== Segment start ==
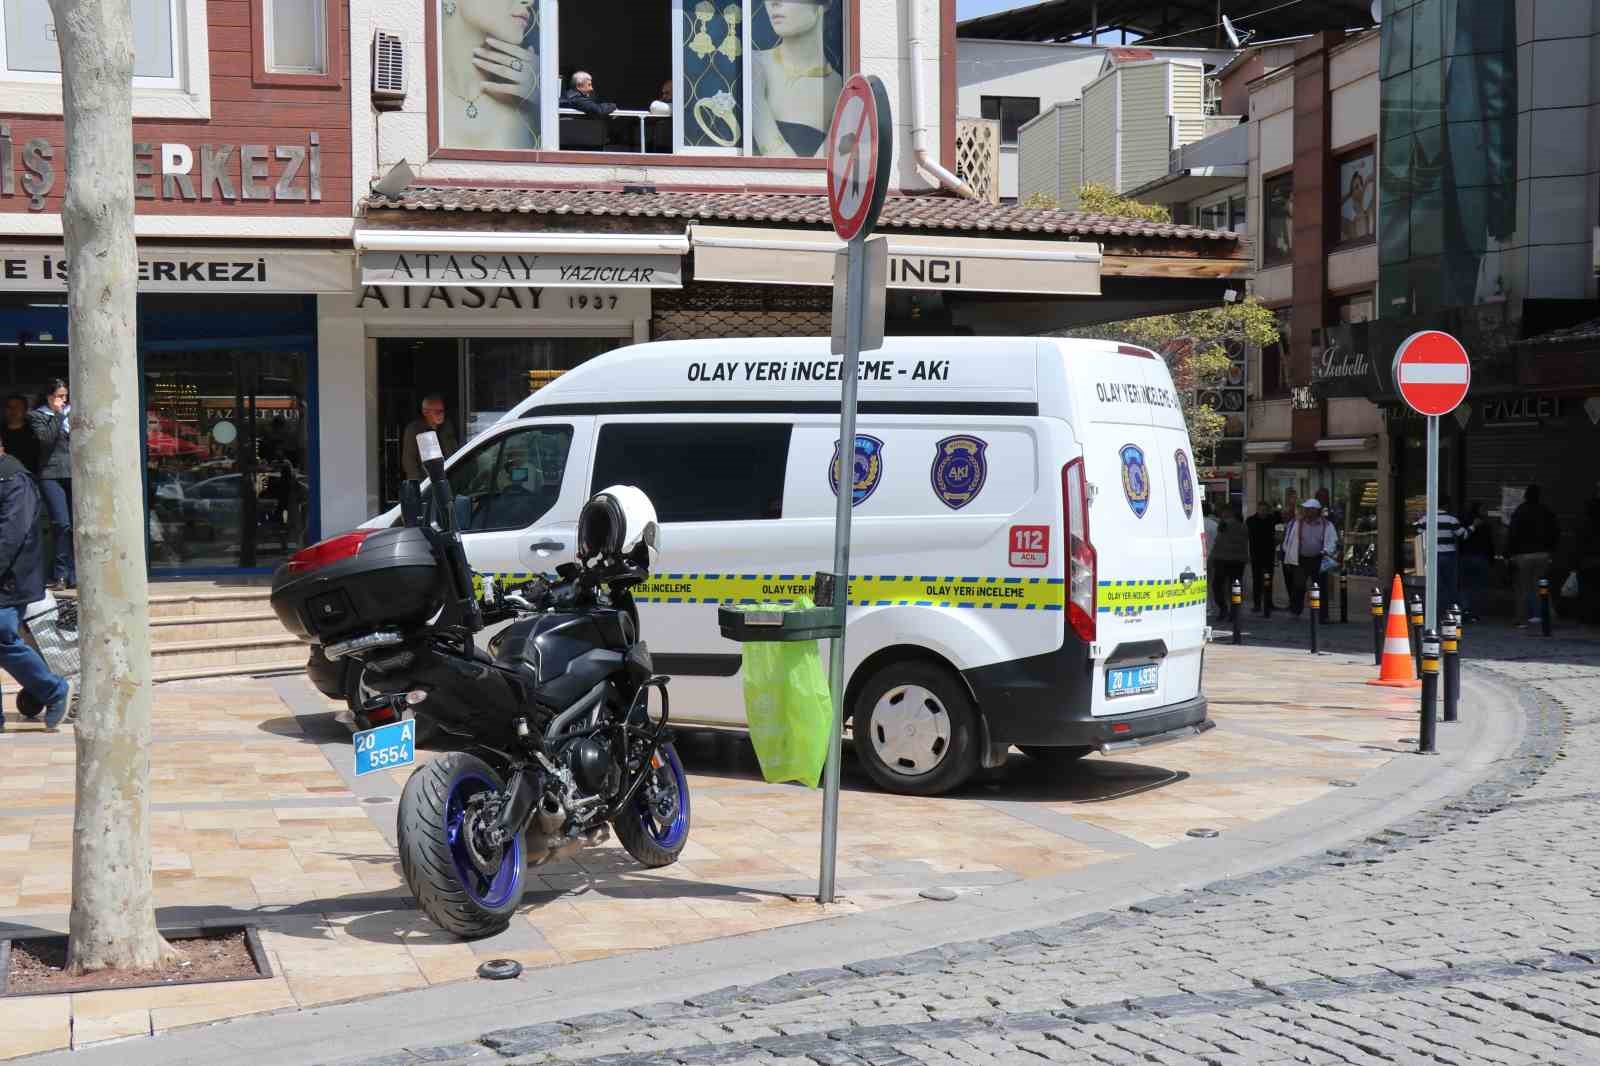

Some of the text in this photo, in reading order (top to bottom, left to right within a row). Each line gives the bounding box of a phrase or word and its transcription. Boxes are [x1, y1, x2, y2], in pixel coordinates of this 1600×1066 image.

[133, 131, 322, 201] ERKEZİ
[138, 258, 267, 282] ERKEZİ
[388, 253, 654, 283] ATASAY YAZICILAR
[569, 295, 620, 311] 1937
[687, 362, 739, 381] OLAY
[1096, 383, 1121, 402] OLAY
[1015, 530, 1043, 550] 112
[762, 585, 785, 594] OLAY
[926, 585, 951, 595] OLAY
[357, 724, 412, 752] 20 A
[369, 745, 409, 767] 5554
== Segment end ==
• _Work item_
Write out every record exactly. Leave the pictures out.

• _Task solution_
Some of the text in this photo, in reading order (top to bottom, left to right within a row). Each line gives the bounding box of a phrase or word and its transcription. Boxes are [x1, y1, x2, y2], in pixel coordinates of this 1600×1066 image.

[133, 131, 322, 201] ERKEZİ
[138, 258, 267, 282] ERKEZİ
[388, 253, 654, 283] ATASAY YAZICILAR
[569, 295, 620, 311] 1937
[687, 362, 739, 381] OLAY
[1096, 383, 1121, 402] OLAY
[1015, 530, 1043, 550] 112
[762, 585, 785, 594] OLAY
[926, 585, 951, 595] OLAY
[357, 724, 412, 752] 20 A
[369, 745, 409, 767] 5554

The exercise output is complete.